Stocks change their mind again, falling sharply this morning in early trading

Have you ever seen a dead cat bounce?

It’s a term that Wall Street traders coined to describe the moment when collapsing markets briefly rise before resuming a downward trajectory.

It looks like investors new to the notion of an economic downturn may have seen their first such bounce yesterday. The glacial domestic response to the spreading novel coronavirus in the U.S. and Europe, coupled with economic pressures on the domestic oil industry coming from Saudi Arabia and Russia, are fueling increasingly negative outlooks among global investors.

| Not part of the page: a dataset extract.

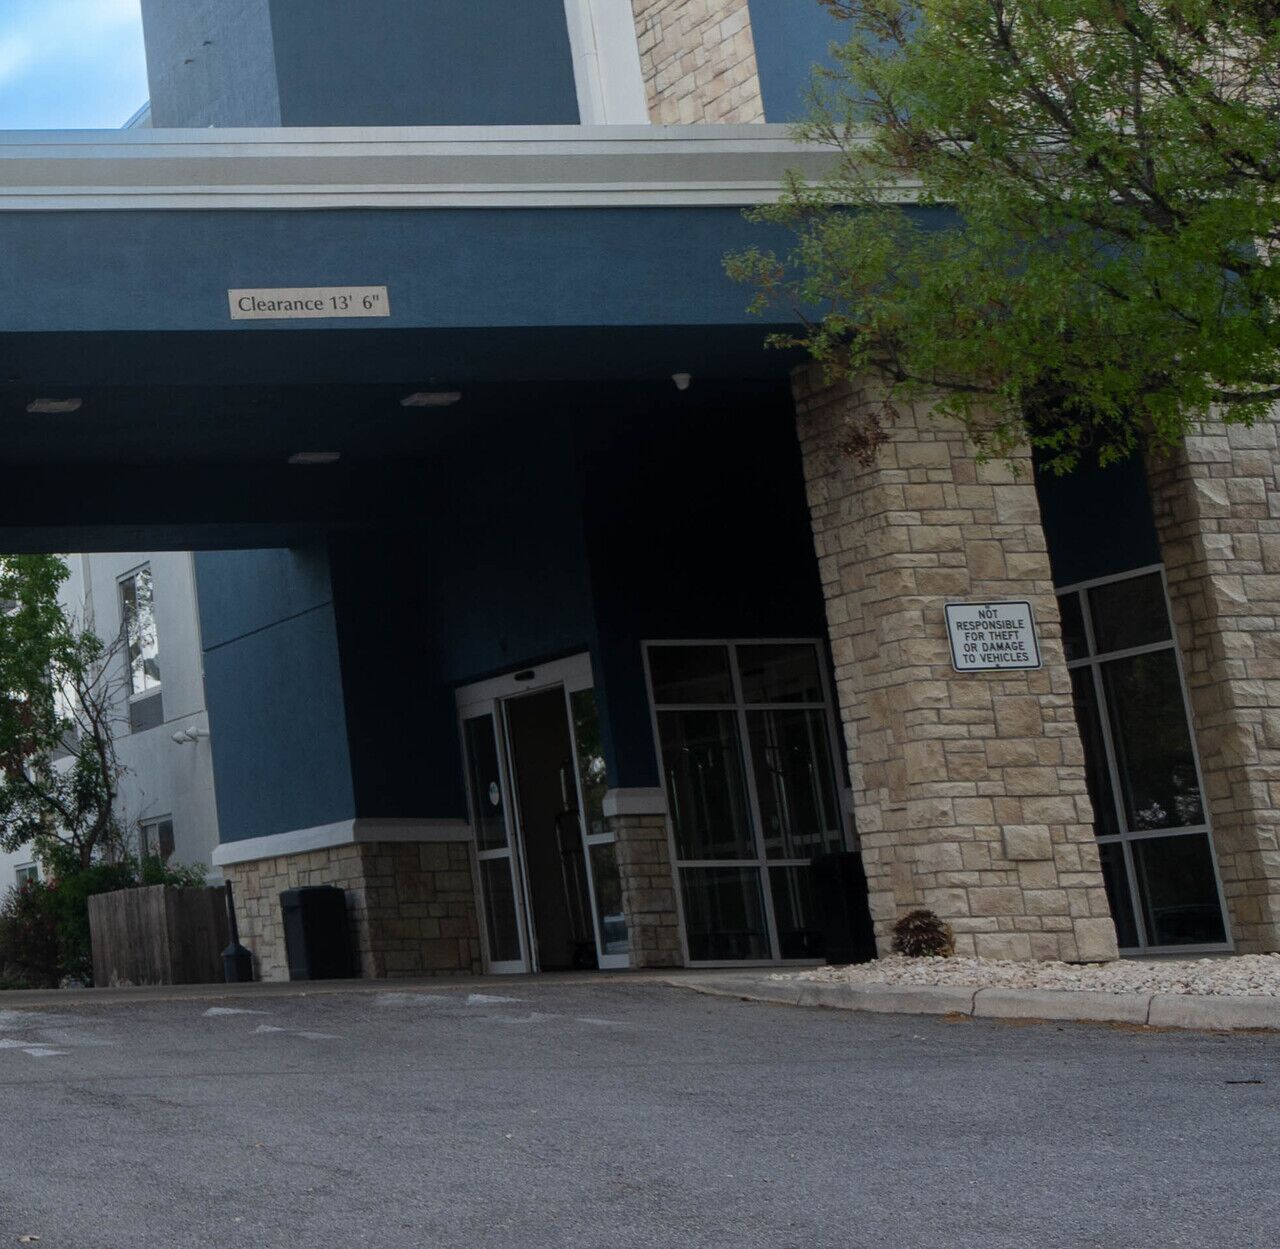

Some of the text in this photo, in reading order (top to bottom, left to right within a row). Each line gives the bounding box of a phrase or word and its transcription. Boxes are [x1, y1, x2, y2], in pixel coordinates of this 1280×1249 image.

Regular readers of TechCrunch’s Market-Mandated Stocks Coverage will note that we’ve been covering the public market’s open and close lately, because with the return of volatility the markets have become active and therefore more influential in day-to-day news. When stocks only went up, it was boring. Now, they do all sorts of crazy things, like kicking off the day like this:

  • Dow Jones Industrial Average: -712.4, -2.85%
  • S&P 500: -76.4, -2.65%
  • Nasdaq Composite: -208.1, -2.49%

Cryptos are off a few points in the last 24 hours (small potatoes for bitcoin and friends), while SaaS and cloud stocks are off 2.5%, similar to their broader category.

Sentiment may be shifting from This too shall pass to You shall not pass. Goldman Sachs, an influential investment bank with a growing consumer arm and digital dreams, said today that “the bull market will end soon with stocks dropping another 15% from here,” according to CNBC. That’s bad.

So what?

Are you a little tired of the daily ups and downs in the stock market, and instead want to know how things are in aggregate. Me too. Here’s the stock market’s gains and losses since recent all-time highs, and where they were a year ago:

  • Dow Jones Industrial Average: -17.8% from recent highs, -2.47% last twelve months (CNBC data)
  • S&P 500: -17.3% from recent highs, +3.35% last twelve months (CNBC data)
  • Nasdaq Composite: -17.0%, +10.4% last twelve months (CNBC data)

You may now consider yourself informed and up to date on the stocks that are already trading.

Turning to stocks that want to start trading, there’s not much to report. A few SPACs are drawing attention in the Valley, but there are no scheduled, venture-backed IPOs on the horizon. Sure, Procore and Accolade have filed, but they are hardly trying to get out while no one knows what anything is worth.